_Extracted data entries_:
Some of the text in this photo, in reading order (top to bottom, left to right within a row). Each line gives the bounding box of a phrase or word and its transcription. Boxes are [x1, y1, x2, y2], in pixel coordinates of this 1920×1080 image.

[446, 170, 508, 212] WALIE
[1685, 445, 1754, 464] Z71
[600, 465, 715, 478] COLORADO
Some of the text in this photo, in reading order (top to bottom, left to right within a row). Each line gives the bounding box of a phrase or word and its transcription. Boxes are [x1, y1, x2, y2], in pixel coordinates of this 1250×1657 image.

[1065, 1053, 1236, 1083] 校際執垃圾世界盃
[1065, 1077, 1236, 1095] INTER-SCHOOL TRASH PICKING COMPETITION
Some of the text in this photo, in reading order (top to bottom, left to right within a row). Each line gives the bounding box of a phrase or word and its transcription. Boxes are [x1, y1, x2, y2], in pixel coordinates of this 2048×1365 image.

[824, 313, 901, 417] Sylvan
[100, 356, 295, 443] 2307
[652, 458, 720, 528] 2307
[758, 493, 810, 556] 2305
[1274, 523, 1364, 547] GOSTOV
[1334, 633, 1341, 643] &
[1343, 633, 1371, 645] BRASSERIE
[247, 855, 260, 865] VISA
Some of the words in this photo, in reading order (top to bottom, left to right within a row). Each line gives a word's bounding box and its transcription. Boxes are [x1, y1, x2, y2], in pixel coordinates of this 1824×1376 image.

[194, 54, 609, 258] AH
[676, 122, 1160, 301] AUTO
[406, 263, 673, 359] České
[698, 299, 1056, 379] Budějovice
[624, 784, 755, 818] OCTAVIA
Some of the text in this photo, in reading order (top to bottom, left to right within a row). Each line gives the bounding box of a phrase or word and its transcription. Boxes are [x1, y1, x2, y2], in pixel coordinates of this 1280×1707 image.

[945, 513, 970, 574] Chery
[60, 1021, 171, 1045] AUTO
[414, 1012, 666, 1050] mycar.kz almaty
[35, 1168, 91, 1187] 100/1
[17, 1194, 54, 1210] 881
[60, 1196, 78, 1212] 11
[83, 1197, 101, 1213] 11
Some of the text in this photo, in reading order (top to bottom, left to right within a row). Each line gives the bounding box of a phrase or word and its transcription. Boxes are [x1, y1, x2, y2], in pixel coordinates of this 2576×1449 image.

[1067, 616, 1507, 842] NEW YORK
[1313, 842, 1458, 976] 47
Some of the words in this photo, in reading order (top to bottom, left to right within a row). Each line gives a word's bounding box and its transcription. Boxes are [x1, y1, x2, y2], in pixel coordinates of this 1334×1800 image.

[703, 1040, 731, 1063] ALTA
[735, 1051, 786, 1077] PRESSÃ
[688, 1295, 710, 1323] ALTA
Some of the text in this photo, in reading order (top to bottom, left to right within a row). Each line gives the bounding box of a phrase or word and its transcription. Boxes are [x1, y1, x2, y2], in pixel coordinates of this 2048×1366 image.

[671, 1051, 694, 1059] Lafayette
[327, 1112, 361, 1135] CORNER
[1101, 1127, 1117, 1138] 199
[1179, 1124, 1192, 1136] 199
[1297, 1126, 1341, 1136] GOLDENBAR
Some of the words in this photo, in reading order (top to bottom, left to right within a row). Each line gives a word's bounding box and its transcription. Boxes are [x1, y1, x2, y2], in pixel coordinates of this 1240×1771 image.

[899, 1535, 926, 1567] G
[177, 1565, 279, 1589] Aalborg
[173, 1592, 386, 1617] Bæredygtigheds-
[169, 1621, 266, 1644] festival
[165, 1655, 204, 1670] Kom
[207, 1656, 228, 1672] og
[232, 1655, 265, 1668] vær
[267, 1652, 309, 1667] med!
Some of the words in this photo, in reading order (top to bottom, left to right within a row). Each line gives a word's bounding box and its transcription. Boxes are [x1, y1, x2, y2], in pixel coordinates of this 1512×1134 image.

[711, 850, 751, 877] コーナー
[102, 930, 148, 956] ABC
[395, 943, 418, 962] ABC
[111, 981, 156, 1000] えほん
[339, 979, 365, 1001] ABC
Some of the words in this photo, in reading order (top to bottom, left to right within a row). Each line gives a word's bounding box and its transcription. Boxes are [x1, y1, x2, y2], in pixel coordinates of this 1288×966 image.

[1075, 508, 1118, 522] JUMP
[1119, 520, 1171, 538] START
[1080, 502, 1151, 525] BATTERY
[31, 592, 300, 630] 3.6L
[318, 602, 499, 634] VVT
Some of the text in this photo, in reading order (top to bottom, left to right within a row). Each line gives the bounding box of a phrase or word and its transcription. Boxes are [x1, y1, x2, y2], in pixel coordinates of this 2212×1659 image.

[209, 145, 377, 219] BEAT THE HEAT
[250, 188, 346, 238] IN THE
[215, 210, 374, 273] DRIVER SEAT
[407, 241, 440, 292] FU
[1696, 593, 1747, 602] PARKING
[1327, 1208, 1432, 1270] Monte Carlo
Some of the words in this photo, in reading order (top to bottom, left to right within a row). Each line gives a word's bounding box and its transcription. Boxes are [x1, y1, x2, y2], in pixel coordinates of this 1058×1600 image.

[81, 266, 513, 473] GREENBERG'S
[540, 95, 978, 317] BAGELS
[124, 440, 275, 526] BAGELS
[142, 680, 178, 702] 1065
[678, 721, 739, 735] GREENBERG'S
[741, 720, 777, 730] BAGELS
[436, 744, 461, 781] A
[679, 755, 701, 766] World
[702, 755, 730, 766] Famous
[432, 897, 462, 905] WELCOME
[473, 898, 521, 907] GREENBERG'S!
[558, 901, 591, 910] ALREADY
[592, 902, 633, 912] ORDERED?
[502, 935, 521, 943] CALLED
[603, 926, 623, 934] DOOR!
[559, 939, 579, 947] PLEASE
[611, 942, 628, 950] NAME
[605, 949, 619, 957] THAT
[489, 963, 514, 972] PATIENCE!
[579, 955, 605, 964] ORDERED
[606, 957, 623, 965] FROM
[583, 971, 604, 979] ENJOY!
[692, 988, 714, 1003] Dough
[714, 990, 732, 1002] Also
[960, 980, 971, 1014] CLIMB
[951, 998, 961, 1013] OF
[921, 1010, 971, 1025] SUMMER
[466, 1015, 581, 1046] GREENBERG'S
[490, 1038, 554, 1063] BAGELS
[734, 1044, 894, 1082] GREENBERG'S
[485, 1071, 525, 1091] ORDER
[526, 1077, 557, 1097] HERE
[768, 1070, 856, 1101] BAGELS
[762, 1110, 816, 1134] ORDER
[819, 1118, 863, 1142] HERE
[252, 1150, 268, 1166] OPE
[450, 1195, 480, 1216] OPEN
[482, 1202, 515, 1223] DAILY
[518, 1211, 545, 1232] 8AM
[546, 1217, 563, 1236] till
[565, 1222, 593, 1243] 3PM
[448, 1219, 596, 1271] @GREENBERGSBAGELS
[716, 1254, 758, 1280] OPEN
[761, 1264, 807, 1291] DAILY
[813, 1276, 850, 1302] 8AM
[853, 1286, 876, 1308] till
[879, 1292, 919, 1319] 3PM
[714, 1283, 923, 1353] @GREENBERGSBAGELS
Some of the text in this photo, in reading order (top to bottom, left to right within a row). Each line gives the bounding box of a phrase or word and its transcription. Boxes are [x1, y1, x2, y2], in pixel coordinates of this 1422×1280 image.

_Instructions for the task_: All records must be transcribed exactly, with none left out.

_Answer below_:
Some of the text in this photo, in reading order (top to bottom, left to right within a row). Each line gives the bounding box of a phrase or word and its transcription. Boxes are [x1, y1, x2, y2], in pixel coordinates of this 1920×1080 image.

[446, 170, 508, 212] WALIE
[1685, 445, 1754, 464] Z71
[600, 465, 715, 478] COLORADO
Some of the text in this photo, in reading order (top to bottom, left to right within a row). Each line gives the bounding box of a phrase or word and its transcription. Boxes are [x1, y1, x2, y2], in pixel coordinates of this 1250×1657 image.

[1065, 1053, 1236, 1083] 校際執垃圾世界盃
[1065, 1077, 1236, 1095] INTER-SCHOOL TRASH PICKING COMPETITION
Some of the text in this photo, in reading order (top to bottom, left to right within a row). Each line gives the bounding box of a phrase or word and its transcription. Boxes are [x1, y1, x2, y2], in pixel coordinates of this 2048×1365 image.

[824, 313, 901, 417] Sylvan
[100, 356, 295, 443] 2307
[652, 458, 720, 528] 2307
[758, 493, 810, 556] 2305
[1274, 523, 1364, 547] GOSTOV
[1334, 633, 1341, 643] &
[1343, 633, 1371, 645] BRASSERIE
[247, 855, 260, 865] VISA
Some of the words in this photo, in reading order (top to bottom, left to right within a row). Each line gives a word's bounding box and its transcription. Boxes are [x1, y1, x2, y2], in pixel coordinates of this 1824×1376 image.

[194, 54, 609, 258] AH
[676, 122, 1160, 301] AUTO
[406, 263, 673, 359] České
[698, 299, 1056, 379] Budějovice
[624, 784, 755, 818] OCTAVIA
Some of the text in this photo, in reading order (top to bottom, left to right within a row). Each line gives the bounding box of a phrase or word and its transcription. Boxes are [x1, y1, x2, y2], in pixel coordinates of this 1280×1707 image.

[945, 513, 970, 574] Chery
[60, 1021, 171, 1045] AUTO
[414, 1012, 666, 1050] mycar.kz almaty
[35, 1168, 91, 1187] 100/1
[17, 1194, 54, 1210] 881
[60, 1196, 78, 1212] 11
[83, 1197, 101, 1213] 11
Some of the text in this photo, in reading order (top to bottom, left to right within a row). Each line gives the bounding box of a phrase or word and its transcription. Boxes are [x1, y1, x2, y2], in pixel coordinates of this 2576×1449 image.

[1067, 616, 1507, 842] NEW YORK
[1313, 842, 1458, 976] 47
Some of the words in this photo, in reading order (top to bottom, left to right within a row). Each line gives a word's bounding box and its transcription. Boxes are [x1, y1, x2, y2], in pixel coordinates of this 1334×1800 image.

[703, 1040, 731, 1063] ALTA
[735, 1051, 786, 1077] PRESSÃ
[688, 1295, 710, 1323] ALTA
Some of the text in this photo, in reading order (top to bottom, left to right within a row). Each line gives the bounding box of a phrase or word and its transcription. Boxes are [x1, y1, x2, y2], in pixel coordinates of this 2048×1366 image.

[671, 1051, 694, 1059] Lafayette
[327, 1112, 361, 1135] CORNER
[1101, 1127, 1117, 1138] 199
[1179, 1124, 1192, 1136] 199
[1297, 1126, 1341, 1136] GOLDENBAR
Some of the words in this photo, in reading order (top to bottom, left to right within a row). Each line gives a word's bounding box and its transcription. Boxes are [x1, y1, x2, y2], in pixel coordinates of this 1240×1771 image.

[899, 1535, 926, 1567] G
[177, 1565, 279, 1589] Aalborg
[173, 1592, 386, 1617] Bæredygtigheds-
[169, 1621, 266, 1644] festival
[165, 1655, 204, 1670] Kom
[207, 1656, 228, 1672] og
[232, 1655, 265, 1668] vær
[267, 1652, 309, 1667] med!
Some of the words in this photo, in reading order (top to bottom, left to right within a row). Each line gives a word's bounding box and its transcription. Boxes are [x1, y1, x2, y2], in pixel coordinates of this 1512×1134 image.

[711, 850, 751, 877] コーナー
[102, 930, 148, 956] ABC
[395, 943, 418, 962] ABC
[111, 981, 156, 1000] えほん
[339, 979, 365, 1001] ABC
Some of the words in this photo, in reading order (top to bottom, left to right within a row). Each line gives a word's bounding box and its transcription. Boxes are [x1, y1, x2, y2], in pixel coordinates of this 1288×966 image.

[1075, 508, 1118, 522] JUMP
[1119, 520, 1171, 538] START
[1080, 502, 1151, 525] BATTERY
[31, 592, 300, 630] 3.6L
[318, 602, 499, 634] VVT
Some of the text in this photo, in reading order (top to bottom, left to right within a row). Each line gives the bounding box of a phrase or word and its transcription. Boxes are [x1, y1, x2, y2], in pixel coordinates of this 2212×1659 image.

[209, 145, 377, 219] BEAT THE HEAT
[250, 188, 346, 238] IN THE
[215, 210, 374, 273] DRIVER SEAT
[407, 241, 440, 292] FU
[1696, 593, 1747, 602] PARKING
[1327, 1208, 1432, 1270] Monte Carlo
Some of the words in this photo, in reading order (top to bottom, left to right within a row). Each line gives a word's bounding box and its transcription. Boxes are [x1, y1, x2, y2], in pixel coordinates of this 1058×1600 image.

[81, 266, 513, 473] GREENBERG'S
[540, 95, 978, 317] BAGELS
[124, 440, 275, 526] BAGELS
[142, 680, 178, 702] 1065
[678, 721, 739, 735] GREENBERG'S
[741, 720, 777, 730] BAGELS
[436, 744, 461, 781] A
[679, 755, 701, 766] World
[702, 755, 730, 766] Famous
[432, 897, 462, 905] WELCOME
[473, 898, 521, 907] GREENBERG'S!
[558, 901, 591, 910] ALREADY
[592, 902, 633, 912] ORDERED?
[502, 935, 521, 943] CALLED
[603, 926, 623, 934] DOOR!
[559, 939, 579, 947] PLEASE
[611, 942, 628, 950] NAME
[605, 949, 619, 957] THAT
[489, 963, 514, 972] PATIENCE!
[579, 955, 605, 964] ORDERED
[606, 957, 623, 965] FROM
[583, 971, 604, 979] ENJOY!
[692, 988, 714, 1003] Dough
[714, 990, 732, 1002] Also
[960, 980, 971, 1014] CLIMB
[951, 998, 961, 1013] OF
[921, 1010, 971, 1025] SUMMER
[466, 1015, 581, 1046] GREENBERG'S
[490, 1038, 554, 1063] BAGELS
[734, 1044, 894, 1082] GREENBERG'S
[485, 1071, 525, 1091] ORDER
[526, 1077, 557, 1097] HERE
[768, 1070, 856, 1101] BAGELS
[762, 1110, 816, 1134] ORDER
[819, 1118, 863, 1142] HERE
[252, 1150, 268, 1166] OPE
[450, 1195, 480, 1216] OPEN
[482, 1202, 515, 1223] DAILY
[518, 1211, 545, 1232] 8AM
[546, 1217, 563, 1236] till
[565, 1222, 593, 1243] 3PM
[448, 1219, 596, 1271] @GREENBERGSBAGELS
[716, 1254, 758, 1280] OPEN
[761, 1264, 807, 1291] DAILY
[813, 1276, 850, 1302] 8AM
[853, 1286, 876, 1308] till
[879, 1292, 919, 1319] 3PM
[714, 1283, 923, 1353] @GREENBERGSBAGELS
Some of the text in this photo, in reading order (top to bottom, left to right within a row). Each line gives the bounding box of a phrase or word and its transcription. Boxes are [x1, y1, x2, y2], in pixel coordinates of this 1422×1280 image.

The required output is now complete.